A cash trail is defined as the length of time it would take a business to run out of cash if it continued to spend at its current rate of cash consumption. As of June 2022, Frontier Energy had cash of A$9.3 million and no debt. Importantly, its cash burn was A$4.6 million over the last twelve months. So there was a cash trail of about 2.0 years from June 2022. Arguably, that’s a conservative and reasonable length of trail to have. The image below shows how his cash balance has changed over the past few years.
How is Frontier Energy’s cash burn changing over time?

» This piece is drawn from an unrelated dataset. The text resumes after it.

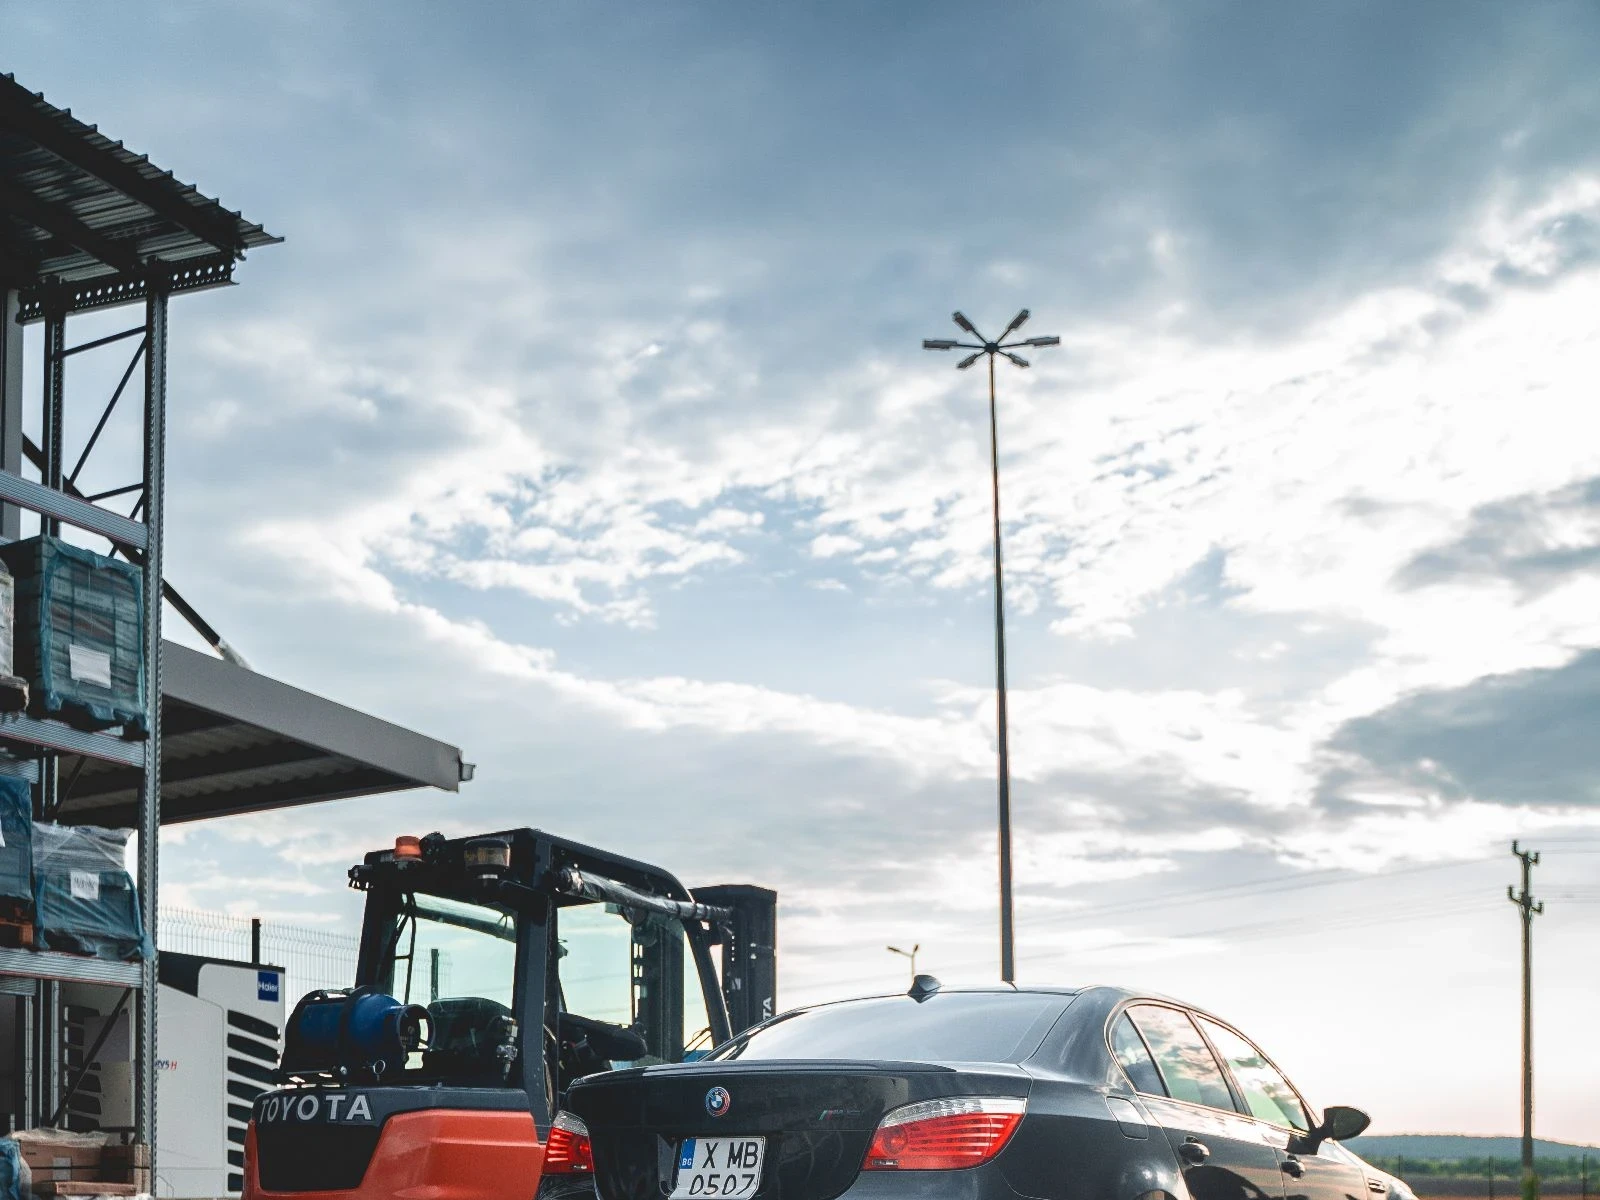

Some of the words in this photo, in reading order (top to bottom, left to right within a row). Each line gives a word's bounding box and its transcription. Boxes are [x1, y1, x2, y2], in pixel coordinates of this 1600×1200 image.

Although Frontier Energy has had a turnover of A$13,000 in the last twelve months, its Operating revenues were only A$1.4,000 during this period. Given this low operating leverage, we believe it is too early to place much emphasis on revenue growth. We will therefore focus instead on the evolution of cash consumption. With a cash burn rate up 43% over the past year, it looks like the company is increasing its investment in the business over time. However, the company’s true cash trail will therefore be shorter than suggested above, if expenses continue to rise. Admittedly, we are a bit cautious of Frontier Energy due to its lack of meaningful operating revenue. We prefer most stocks on this list of stocks that analysts expect to see growth.

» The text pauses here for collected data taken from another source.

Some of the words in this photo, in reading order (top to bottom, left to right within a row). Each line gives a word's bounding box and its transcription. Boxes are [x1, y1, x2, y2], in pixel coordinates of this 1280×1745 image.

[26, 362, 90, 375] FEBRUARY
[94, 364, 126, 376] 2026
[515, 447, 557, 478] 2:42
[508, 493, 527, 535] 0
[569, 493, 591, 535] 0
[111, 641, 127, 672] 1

Can Frontier Energy raise more money easily?
Although Frontier Energy has a strong cash trail, its cash burn trajectory may cause some shareholders to think ahead to when the company might need to raise more cash. Companies can raise capital either through debt or equity. Typically, a company will sell new stock on its own to raise cash and drive growth. By looking at a company’s cash burn relative to its market cap, we get insight into how much of a shareholder base would be diluted if the company needed to raise enough cash to cover a company’s cash burn. another year.
With a market capitalization of A$115 million, Frontier Energy’s cash burn of A$4.6 million equates to approximately 4.0% of its market value. Since this is a rather small percentage, it would probably be very easy for the company to finance another year’s growth by issuing new shares to investors, or even taking out a loan.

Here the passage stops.